Um grupo de investigadores da Faculdade de Ciências e Tecnologia da Universidade de Coimbra (FCTUC) instalou um sistema piloto na mina de tungsténio da Panasqueira para recuperação de metais críticos a partir de resíduos da actividade mineira, usando metodologias com base em microrganismos. Os resíduos da mina da Panasqueira, segundo os investigadores, têm um valor económico que pode ser relevante.
A instalação é um dos resultados do projecto “REVIVING – Revisiting mine tailings to innovate metals recovery”, focado na valorização dos rejeitados mineiros como recursos, no fornecimento de metais que hoje são extraídos através de outros processos, na promoção da reciclagem, na minimização da produção de resíduos perigosos e, assim, na contribuição para a adopção de uma economia circular na Europa.

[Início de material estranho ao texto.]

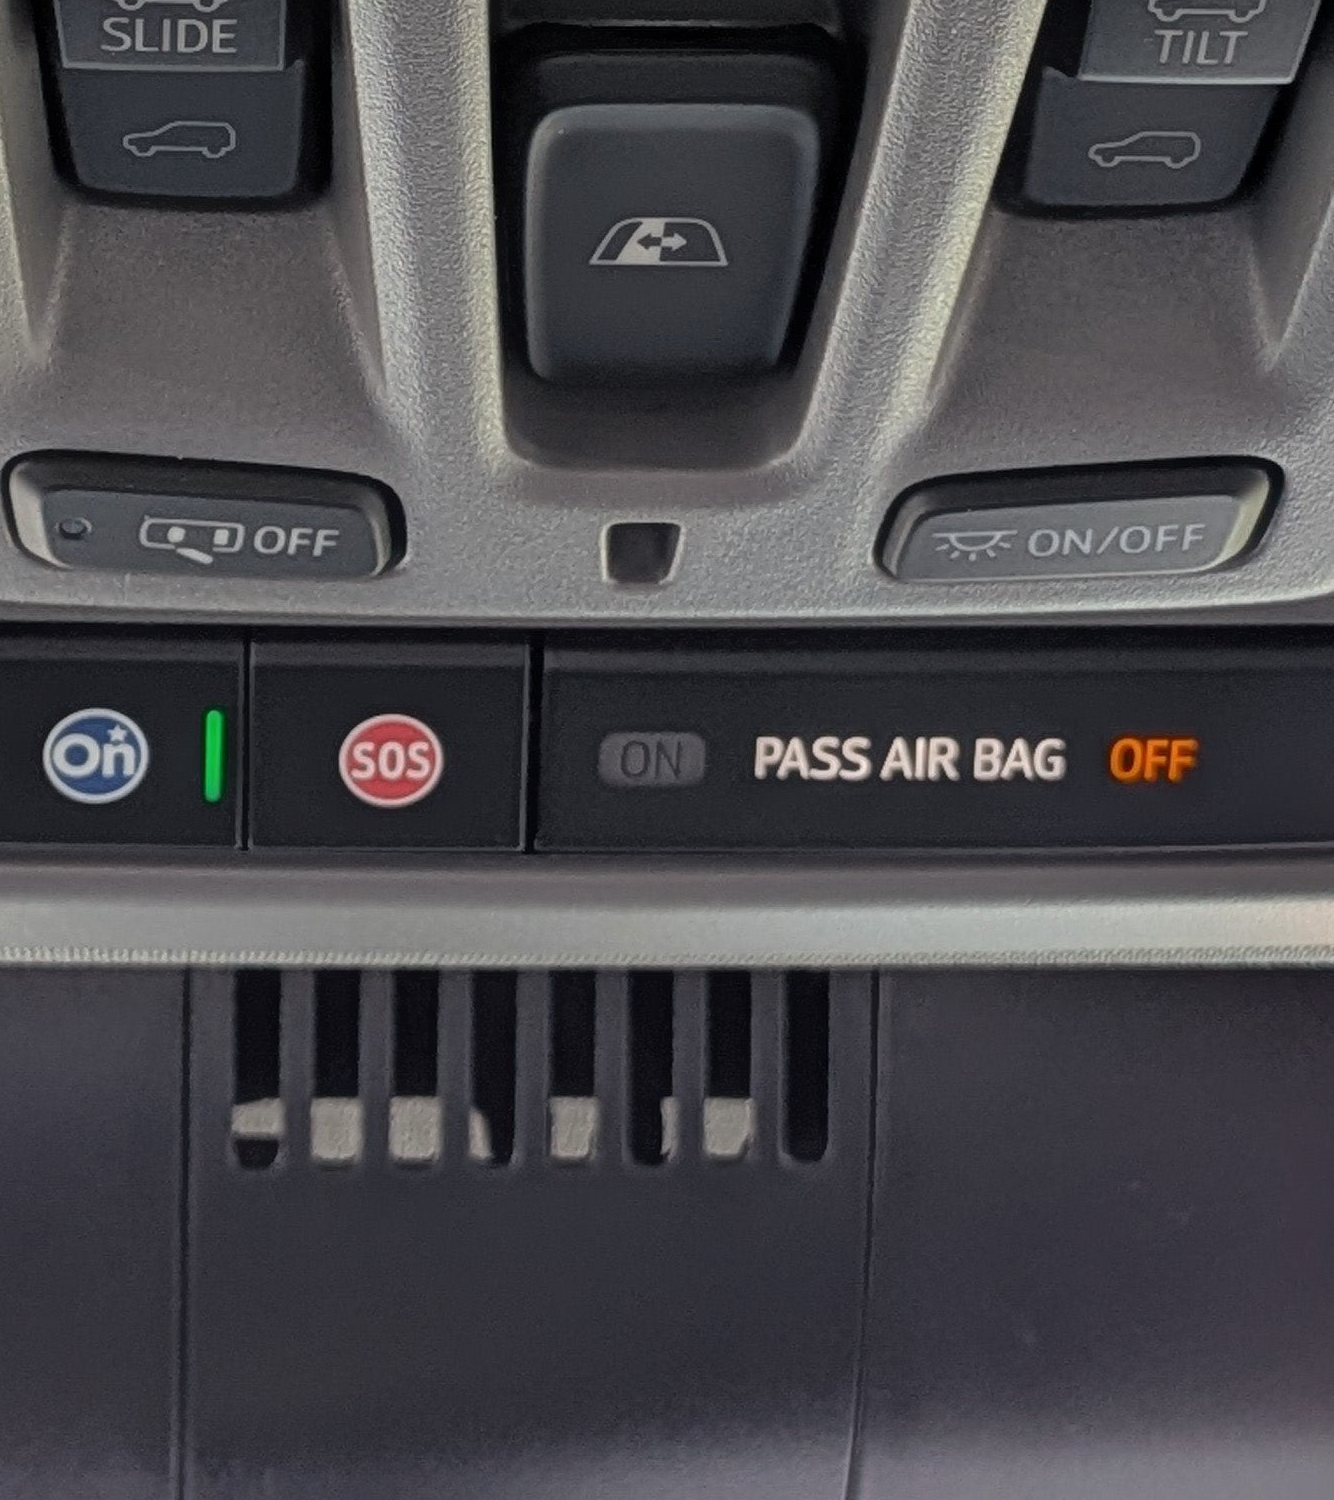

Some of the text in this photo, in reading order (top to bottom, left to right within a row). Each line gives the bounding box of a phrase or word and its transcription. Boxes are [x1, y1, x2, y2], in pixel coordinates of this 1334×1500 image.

[101, 18, 238, 54] SLIDE
[1155, 31, 1248, 65] TILT
[254, 526, 340, 557] OFF
[1028, 524, 1207, 557] ON/OFF
[53, 733, 138, 777] On
[351, 741, 431, 782] SOS
[621, 736, 1199, 782] ON PASS AIR BAG OFF
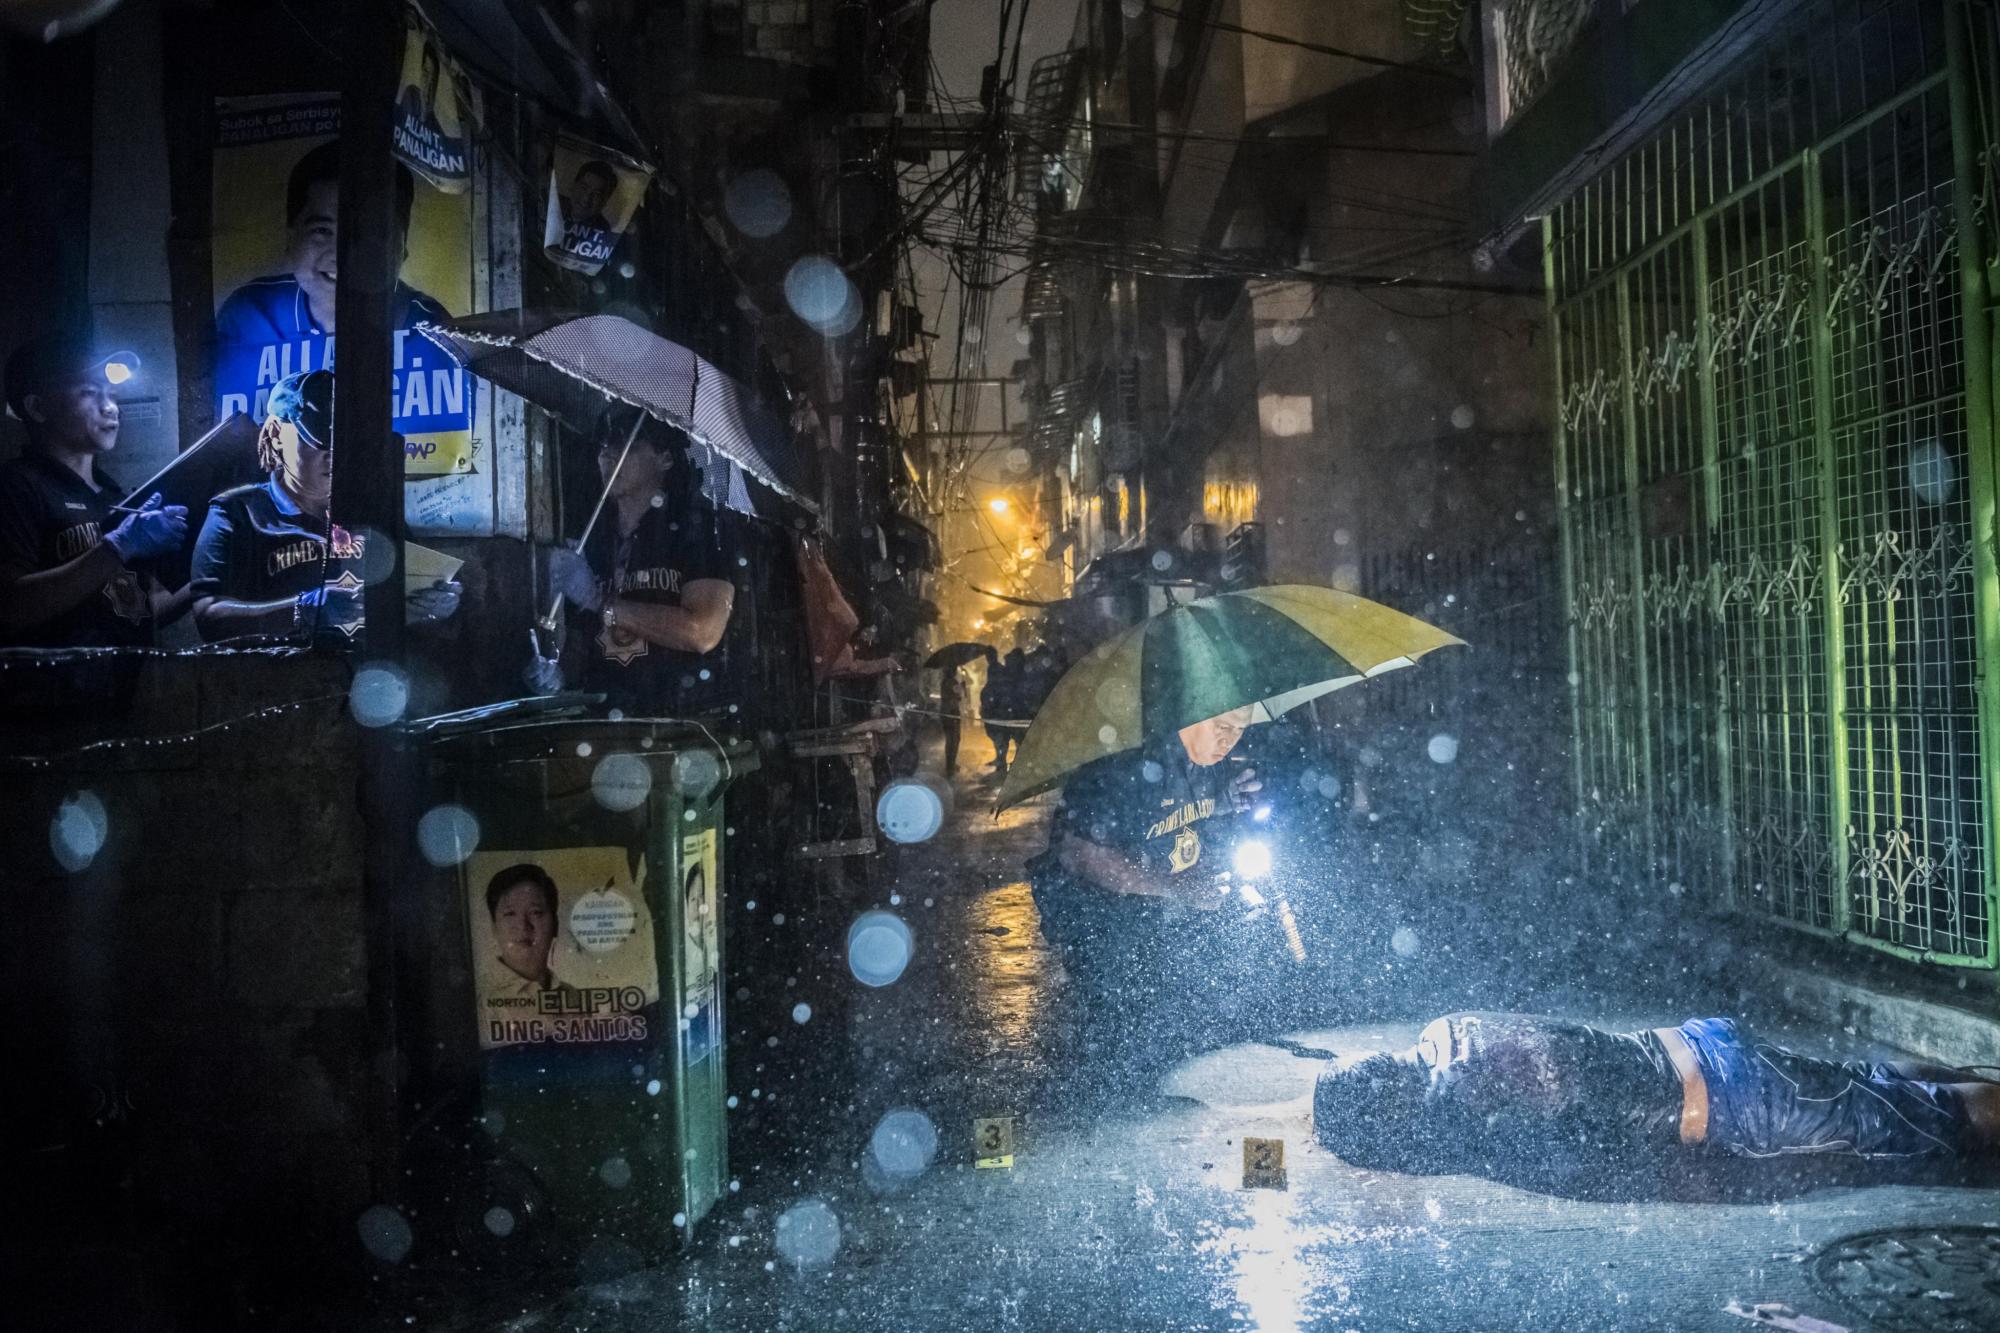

“Neste sistema piloto estamos a implementar as estratégias desenvolvidas em laboratório, com o objectivo de comparar e perceber, em termos de quantificação, qual a técnica mais funcional para a recuperação dos resíduos”, explica o docente do Departamento de Ciências da Vida (DCV) e investigadora do Centro de Engenharia Mecânica Materiais e Processos (CEMMPRE) Paula Morai.
“Consideramos que os resíduos da mina da Panasqueira têm um valor económico que pode ser relevante, principalmente, numa época em que a Europa pretende voltar a ser auto-suficiente em termos de metais. Além disso, está em linha com o Raw Material Act da comissão Europeia, que pretende garantir o acesso a um fornecimento seguro e sustentável de matérias primas provenientes de fontes europeias”, afirma a também docente do DCV e investigadora do CEMMPRE Rita Branco.
“O grupo de microbiologia focou-se nos processos de bio lixiviação não ácida, utilizando microrganismos produtores de moléculas orgânicas. Desta forma, conseguimos retirar uma quantidade de metal relevante. Os resultados que temos em laboratório são promissores”, consideram as docentes.
Neste novo sistema piloto, as microbiologistas, em colaboração com o Departamento de Engenharia Civil (DEC) da FCTUC, vão obter o máximo de informações possível sobre o processo, ajudando a desenvolver o novo processo de extracção, sem incorrer em custos ou problemas de uma possível falha na aplicação.
“Este é um bioprocesso limpo, económico e inovador para recuperação de metais a partir de resíduos, que devolverá estes remanescentes ao ciclo produtivo, apoiando a transição da União Europeia para uma economia circular”, concluem.
O projecto REVIVING tem como parceiros investigadores e empresas ligadas ao sector mineiro de França, Roménia e Portugal.